PILOTER DES POLITIQUES PUBLIQUES SOUTENABLES : QUEL ORCHESTRATEUR?
Une feuille de route construite démocratiquement et des outils idoines n’y suffiront pas. Pour assurer l’intégration des soutenabilités dans la fabrique des politiques publiques, il faut un pilote, en l’espèce « un orchestrateur » pour mettre en cohérence des partitions aujourd’hui jouées en silo.

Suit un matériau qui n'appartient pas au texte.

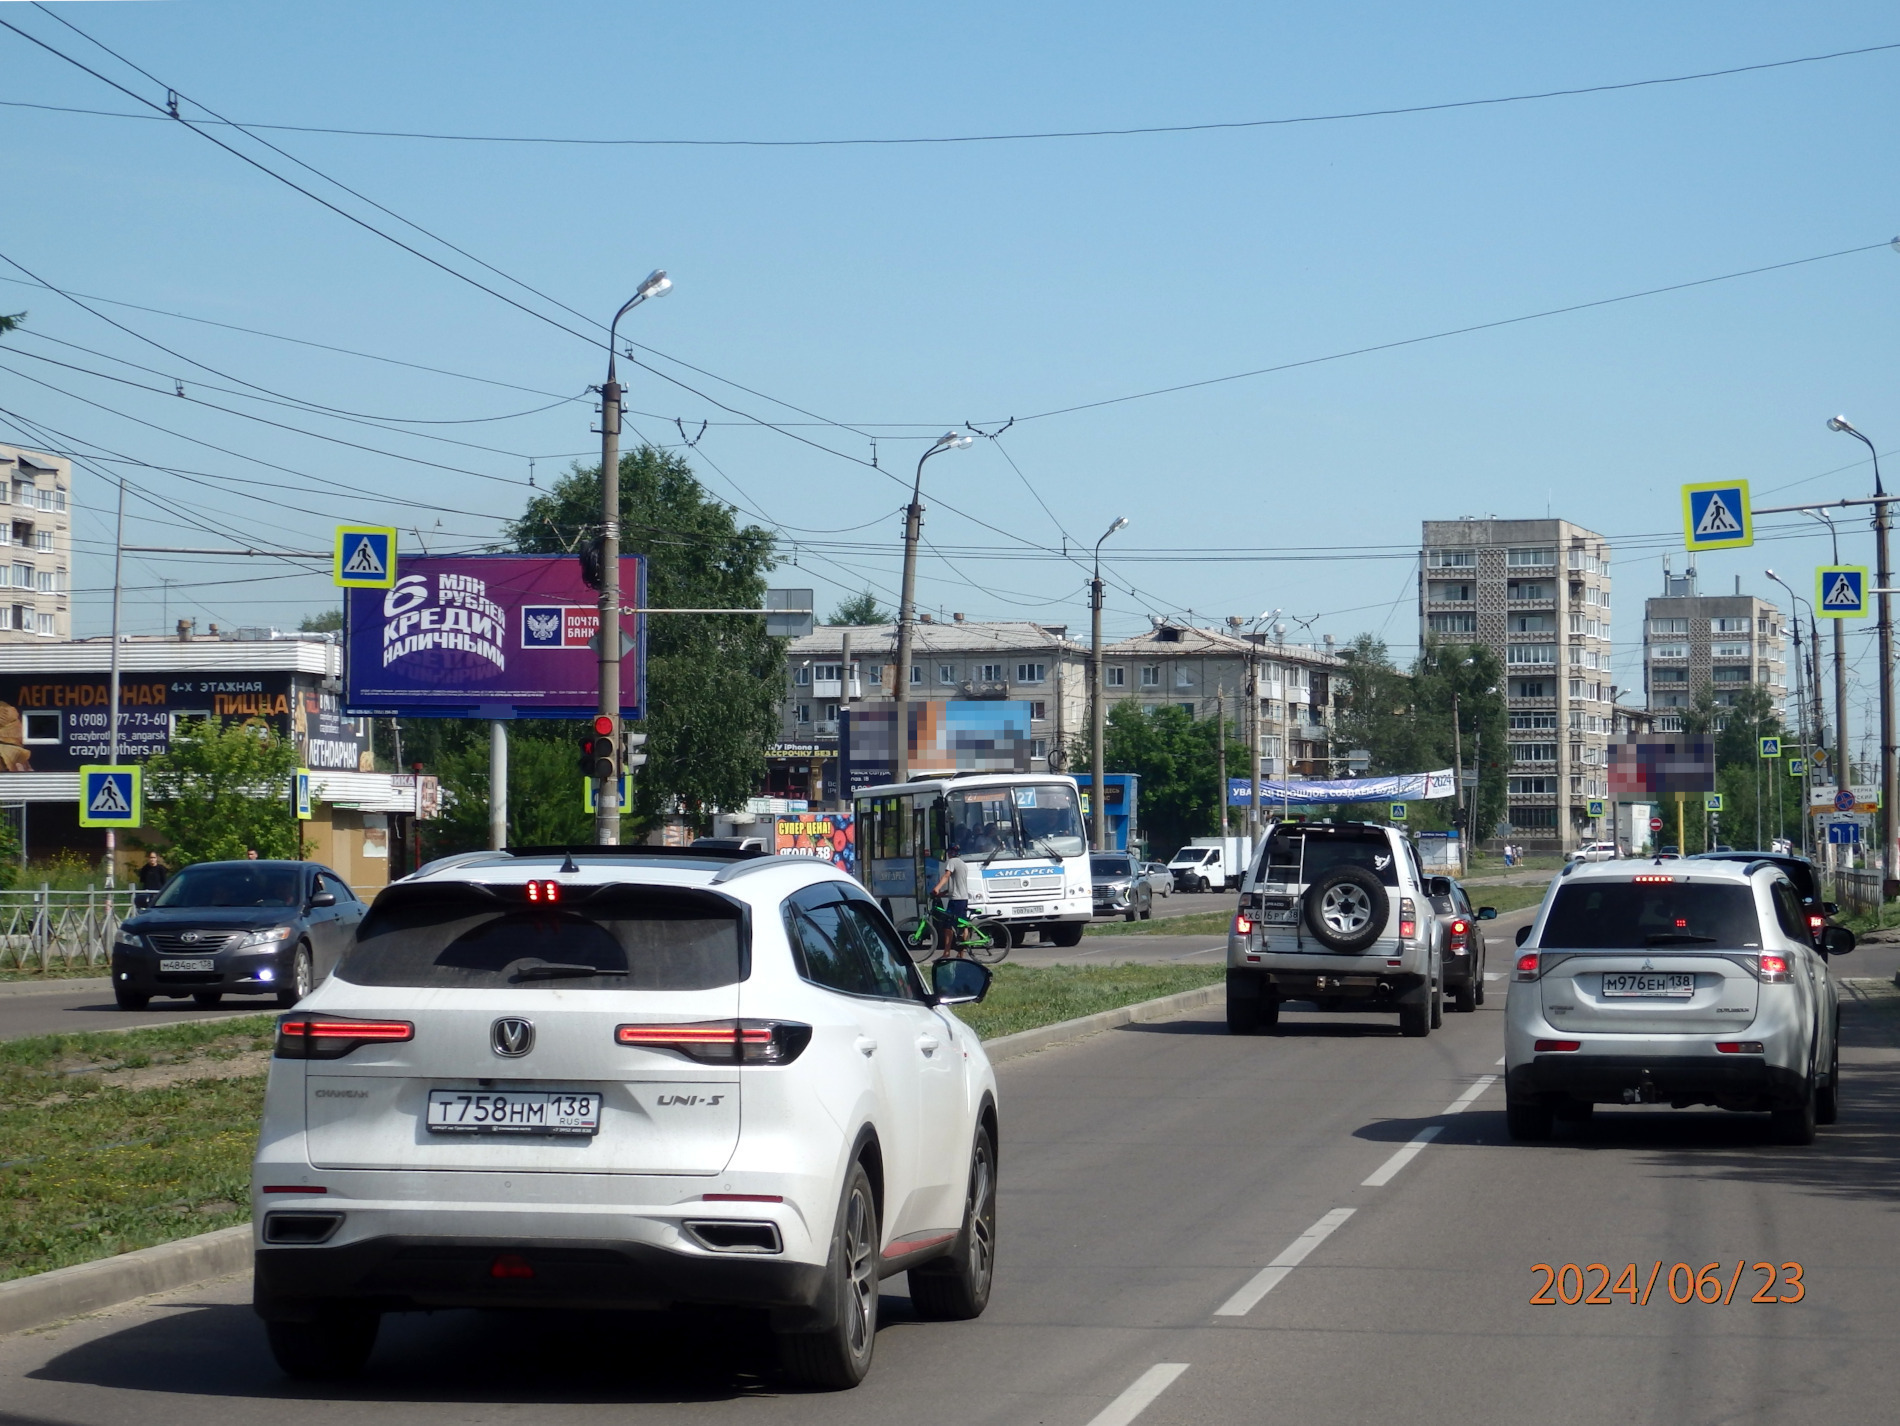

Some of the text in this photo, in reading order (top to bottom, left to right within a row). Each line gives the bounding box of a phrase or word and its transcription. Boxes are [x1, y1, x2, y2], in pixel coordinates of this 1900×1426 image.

Orchestrer les soutenabilités, c’est garantir la cohérence d’ensemble de l’action publique et assurer sept fonctions clé, articulées autour du cycle de vie de la Stratégie nationale des soutenabilités :
– l’instruction, la préparation et le suivi de la Stratégie nationale : l’orchestrateur traduirait la stratégie en objectifs partagés et indicateurs soutenables; il en assurerait le suivi et préparerait la présentation annuelle de l’état d’avancement de la Stratégie devant le Parlement ;
– le conseil au gouvernement et la formalisation des arbitrages : l’orchestrateur alerterait « en temps réel » sur les risques d’insoutenabilités et les potentiels conflits de cohérence entre politiques ;
– la prospective et l’expertise : l’orchestrateur coordonnerait des exercices de prospective en s’appuyant sur la production existante; il exploiterait les résultats de ces exercices pour animer le débat public, conseiller le gouvernement et préparer les arbitrages; il constituerait une méthodologie commune pour favoriser la déclinaison territoriale et sectorielle des scénarios nationaux ;
– l’élaboration des feuilles de routes et la coordination : l’orchestrateur accompagnerait les administrations dans la rédaction de feuilles de routes cohérentes avec la Stratégie nationale ; il faciliterait son appropriation par les différents échelons territoriaux ; il compilerait les données de suivi de ces feuilles de route ministérielles et territoriales an de s’assurer de leur convergence vers les objectifs de la Stratégie nationale ;
– les « Points de contrôle » et évaluations in itinere : lois et décrets pourraient avoir à faire la preuve de leur compatibilité avec la Stratégie nationale ; l’orchestrateur pourrait donc contribuer à conduire des études d’impacts permettant de faire cette preuve ;
– l’animation du débat public : l’orchestrateur serait garant de la participation du public et des « bonnes » parties prenantes aux grandes décisions sur la Stratégie ; symétriquement, il s’assurerait de la transmission aux décideurs des résultats des concertations citoyennes ;
– la formation et la documentation : l’orchestrateur constituerait un centre de ressources pour documenter les enjeux de soutenabilités, former et outiller les agents publics; il diffuserait des publications et créerait de la méthodologie pour favoriser la transversalité et construire des pratiques communes.
Beaucoup d’acteurs sont déjà mobilisés aujourd’hui sur certaines de ces missions. L’enjeu est de réinventer avec eux une nouvelle orchestration. Ses fonctions n’ont pas vocation à être remplies opérationnellement par un organisme unique, mais devraient être coordonnées et articulées par un pilote clairement identifié.